Rex took to literature and read eastern Australian folk
tales in which Aborigines describe a creature of "the Yowie or great hairy man."
Convinced that what he had seen was a Yowie, Rex told country newspapers in the Eastern
States about his experience.
He is sure that the Yowie is related to the Himalayan Abominable Snowman and the
Sasquatch (or Big Foot) Man of North America.
"Australia was joined to Mainland Asia until the ice age of
20,000 years ago, as was America. I believe these creatures migrated from Asia before the ice melted.
"If
this is right, it creates havoc with text-books, that say this country was first occupied by Aborigines."
As a result of his newspaper articles, about 3000 people wrote to Rex reporting sightings of Yowies.
In his
fight to have the Yowie recognized, Rex has had to contend with a lot of ridicule. Even his wife, Helen, thought he was "a nut" at
first. Now she is convinced there is something in what he says. Rex is also considered an eccentric by academics who have refused
to accept his evidence. Many won't even look at it.
"A Sydney University man told me what I'd seen was a "large
dog." A dog on two legs? Another uni bod said I'd imagined it. A Canberra paper returned my manuscript, having consulted a CSIRO scientist
who said no such creature existed because if it did they would have discovered it by now. My argument is that we've never gone looking
for it."
- Twenty-five have come from the Tidbinbilla area (near Canberra) recently sightings of Yowies on the move.
- A girl living at Dungay Creek, NSW, saw a Yowie while picking oranges. Dogs disturbed the creature in the scrub and forced it into the open. It was 180cm (6ft) and covered in long, brown hair.

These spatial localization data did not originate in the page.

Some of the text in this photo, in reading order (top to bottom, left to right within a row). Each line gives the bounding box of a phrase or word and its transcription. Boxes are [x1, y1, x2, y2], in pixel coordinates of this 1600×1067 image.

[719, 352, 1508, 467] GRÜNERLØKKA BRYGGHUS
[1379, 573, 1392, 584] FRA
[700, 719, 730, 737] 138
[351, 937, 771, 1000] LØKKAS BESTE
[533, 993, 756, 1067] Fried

- A Kempsey woman was confronted by a hairy and nasty-smelling creature that burst through a hedge and terrified her on her way home.

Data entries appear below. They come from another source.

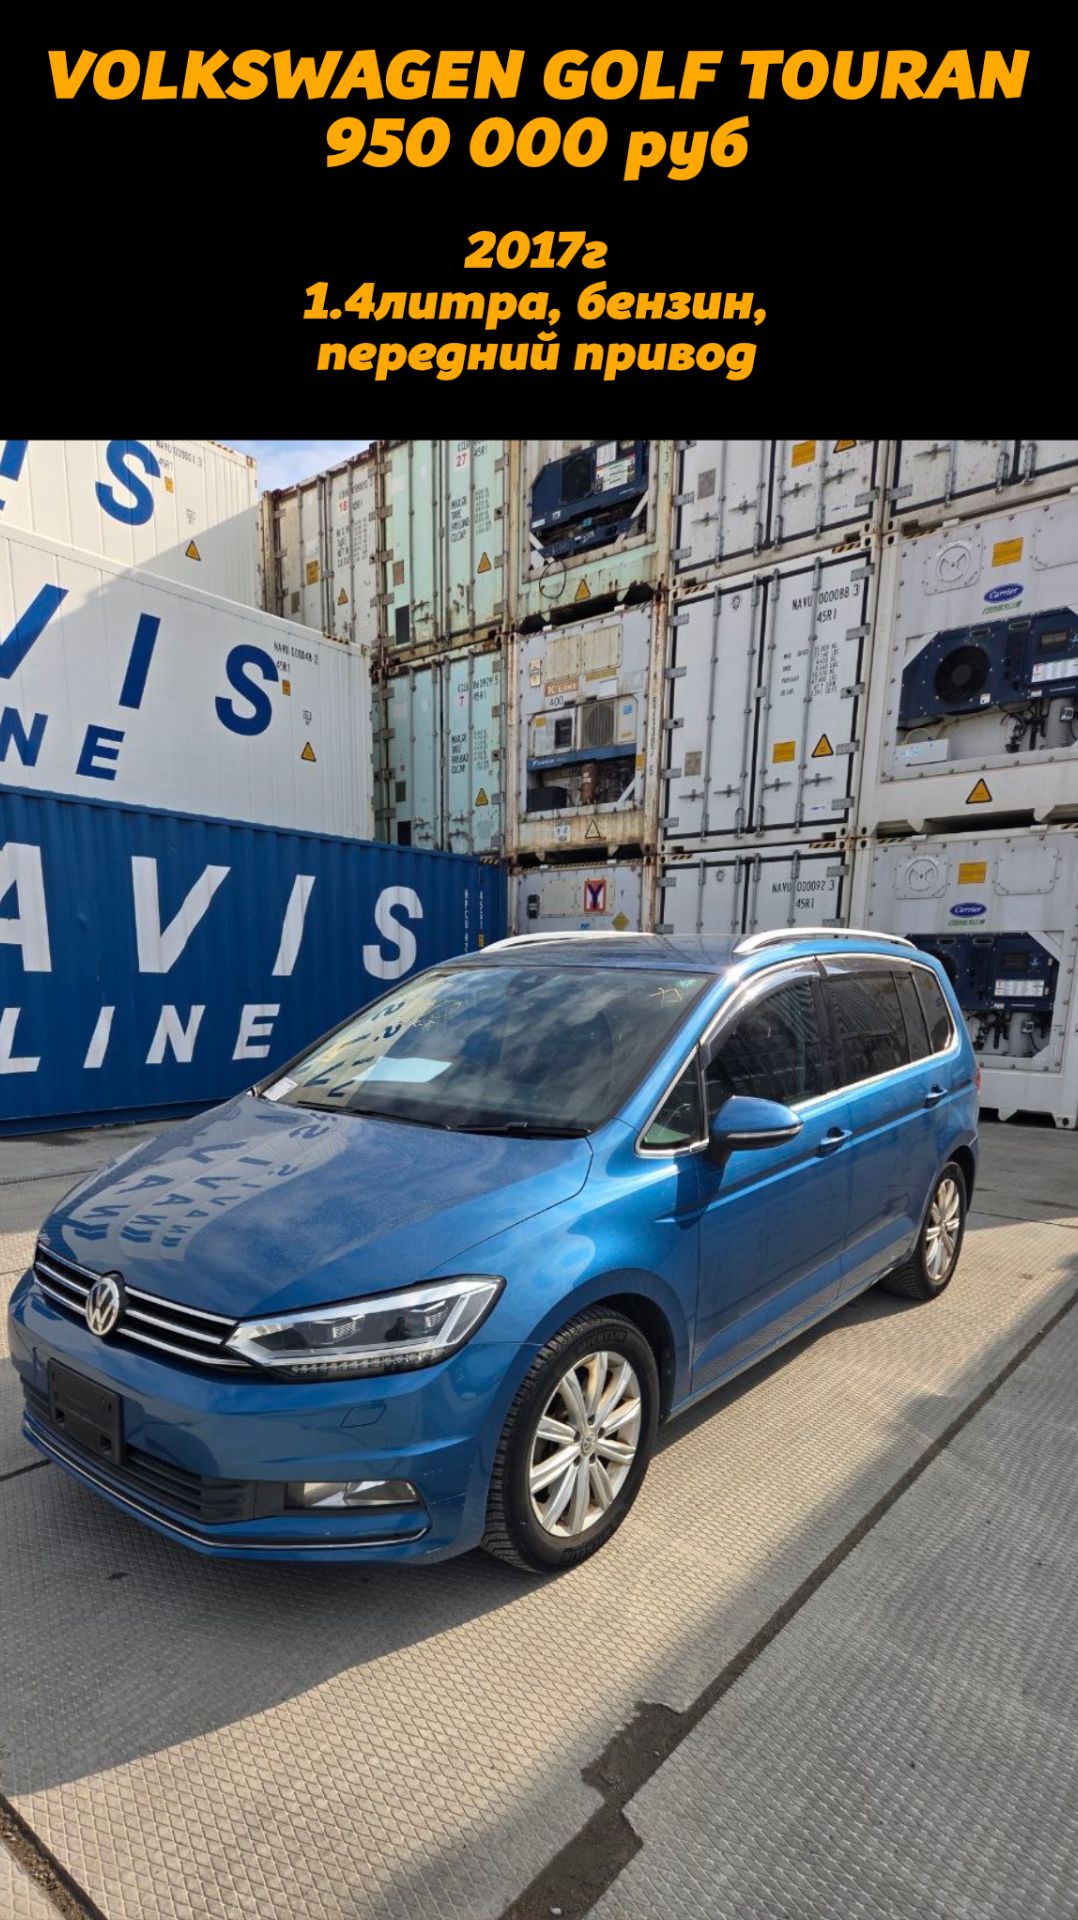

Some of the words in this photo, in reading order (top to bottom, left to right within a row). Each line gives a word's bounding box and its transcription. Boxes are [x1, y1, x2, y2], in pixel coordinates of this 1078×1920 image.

[456, 453, 467, 468] 27
[792, 593, 813, 611] NAVU
[818, 586, 850, 605] 000088
[854, 583, 859, 597] 3
[817, 608, 837, 623] 45R1
[772, 882, 791, 894] NAVU
[828, 879, 835, 892] 3
[796, 898, 815, 909] 45R1
[0, 1004, 281, 1074] LINE

- Two men fishing at Toorooka at 3 am encountered a strange form in a quiet stretch of deep water. They thought it was a rock until it moved around their boat making strange gurgling noises, then they "rowed like hell for shore."
- At Carrai Plateau, a man was attacked by a hairy ape-like creature about 120cm (4ft) as he slept in his bed. It was covered with bristly hair about 13cm (5in) long, lt dragged him from his bed and broke free only when the man punched it heavily.
- Two timber-cutters were forced from their camp about 70km from Lismore because of repeated visits by a 240cm (8ft) tall, hairy creature.
- New Guinea highlanders recently reported sighting several 180cm (6ft) tall hairy monsters outside their village.
- In Tasmania, a 240cm (8ft) hairy creature surprised two rabbiters trapping in the Poatini foothills.
So, if you can produce a Yowie from the bottom of your garden, you've made the biggest zoological discovery of the century.